Siemens teams with Nokia on Wi-Fi-GSM handover

news
Mar 14, 20073 mins

Goal: one phone that makes VoIP calls over a corporate LAN and mobile connections everywhere else

Siemens is working with Nokia to polish the handover of voice calls between corporate wireless LANs and public mobile phone networks, a Siemens executive said Wednesday.

Using mobile phones that support both Wi-Fi and GSM, employees can make VoIP calls over the corporate wireless LAN when in the office and use the same phone for mobile calls when elsewhere.

Special software in the phone and on the LAN can also enable seamless handover of calls from one system to the other as users move around, keeping costs down and productivity up. The two companies will work to certify the compatibility of that software in some of their mobility products for enterprise users, said Marcus Birkl, vice president of sales for HiPath Wireless LAN at Siemens.

The products concerned are Nokia’s E-series mobile phones for business customers and Siemens’ MobileConnect, a fixed-mobile convergence server compatible with its HiPath 8000 SoftSwitch for enterprises or competing products that also use SIP, he said.

At CeBIT, Siemens is demonstrating the handover capabilities of MobileConnect, alongside a new version of its HiPath 8000 software that adds support for the E.num addressing protocol, Asian language scripts, voice encryption, and additional team-working features.

To carry out their work on the Wi-Fi-GSM handover, Nokia will join Siemens’ HiPath technical partner program, Birkl said, and will bring some of its phones into Siemens laboratories to conduct interoperability and quality-of-service tests.

So far, Siemens has certified Nokia’s E60 phone, which runs the Symbian OS, as compatible with MobileConnect, as well as a phone from another manufacturer, the PocketLoox connected PDA from Fujitsu-Siemens, which runs Microsoft’s Windows Mobile 5 software.

Siemens already has two other Nokia phones (the E61 and E70) in its labs and will soon begin work on the E65, set to supersede the E60, and on some of Nokia’s N-series multimedia phones for consumers, according to Birkl.

Siemens and Nokia will also investigate how Nokia’s Intellisync mobile device management tools can help in downloading the necessary software and remotely configuring the phones to use those apps.

“If you are doing a large installation, you want to do this over the air,” Birkl said.

Once the software is on a Symbian phone, getting it to run is relatively easy, he said. However, phones running Windows Mobile 5 behave in subtly different ways, meaning the client software must be adapted for each model, he said.

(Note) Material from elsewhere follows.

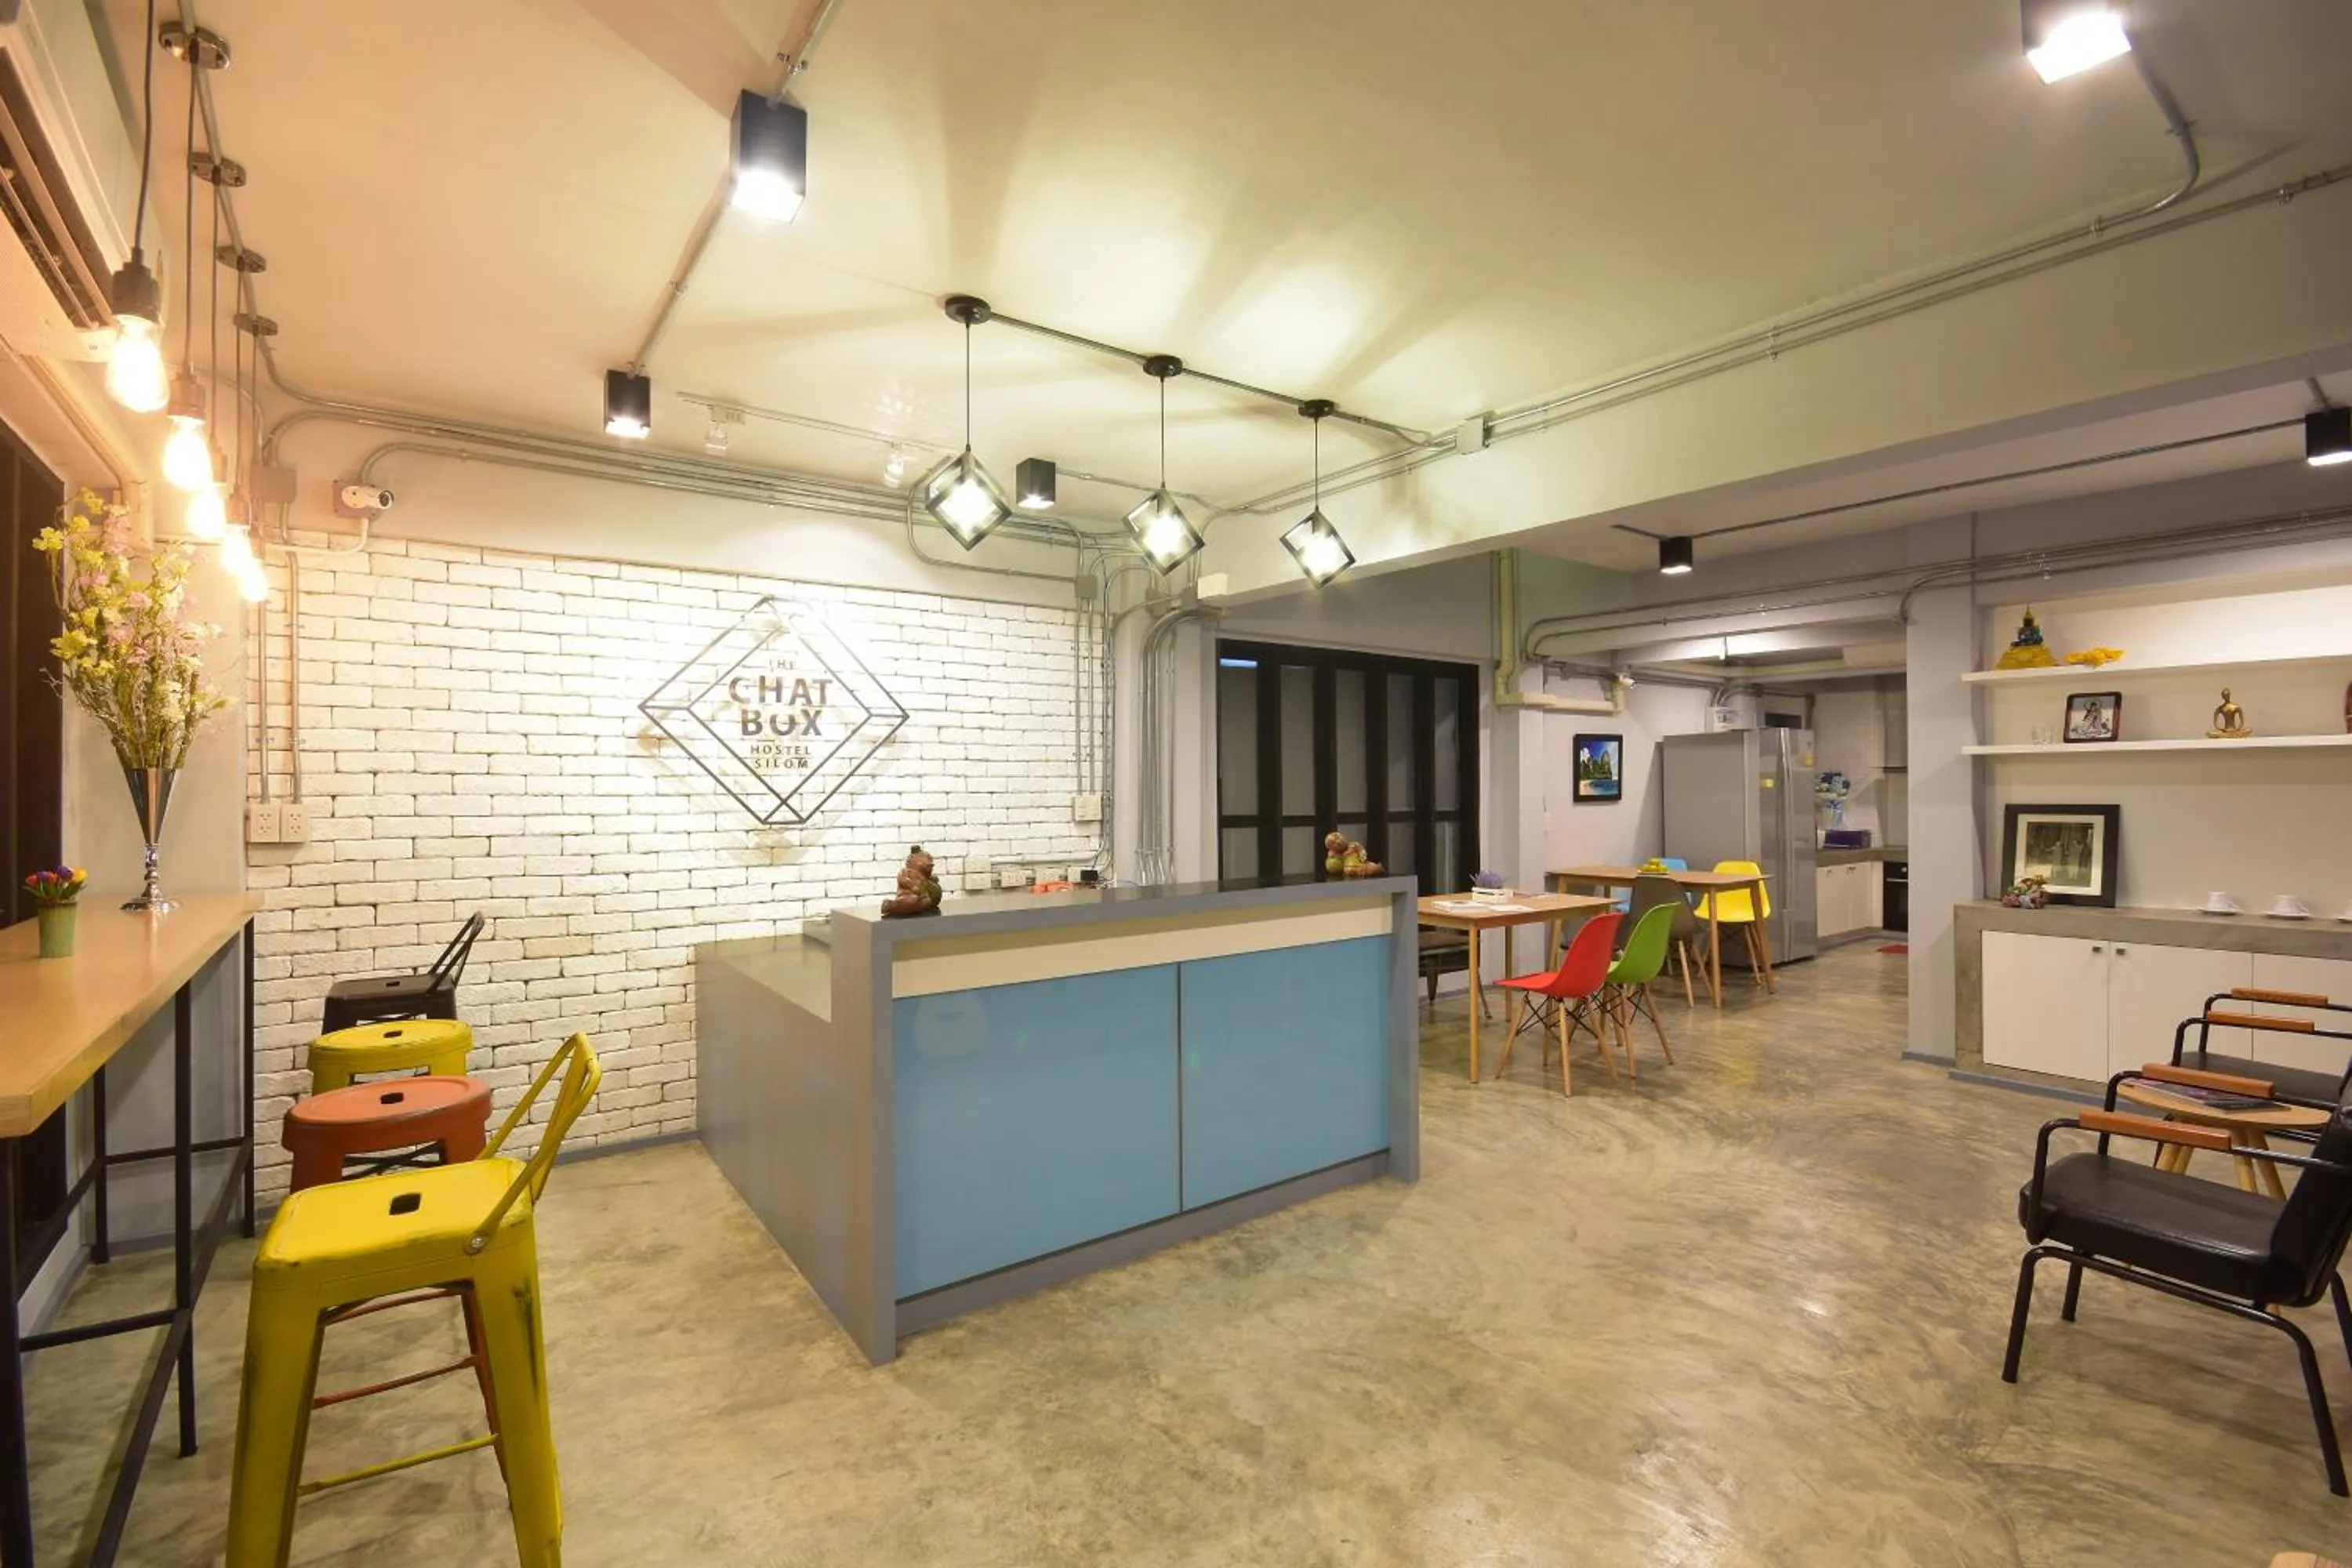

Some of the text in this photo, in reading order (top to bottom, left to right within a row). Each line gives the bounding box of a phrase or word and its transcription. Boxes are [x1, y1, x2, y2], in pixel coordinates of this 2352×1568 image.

Siemens is also testing Windows Mobile phones from Taiwanese manufacturer High Tech Computer (HTC), one of the leading supporters of Windows Mobile software, and two from Hewlett-Packard, Birkl said. Although HTC has just released a phone running Windows Mobile 6, Siemens will continue to work with version 5 of the software, he said.

The company is also waiting to see whether Sony Ericsson will release a phone with both GSM and Wi-Fi capabilities.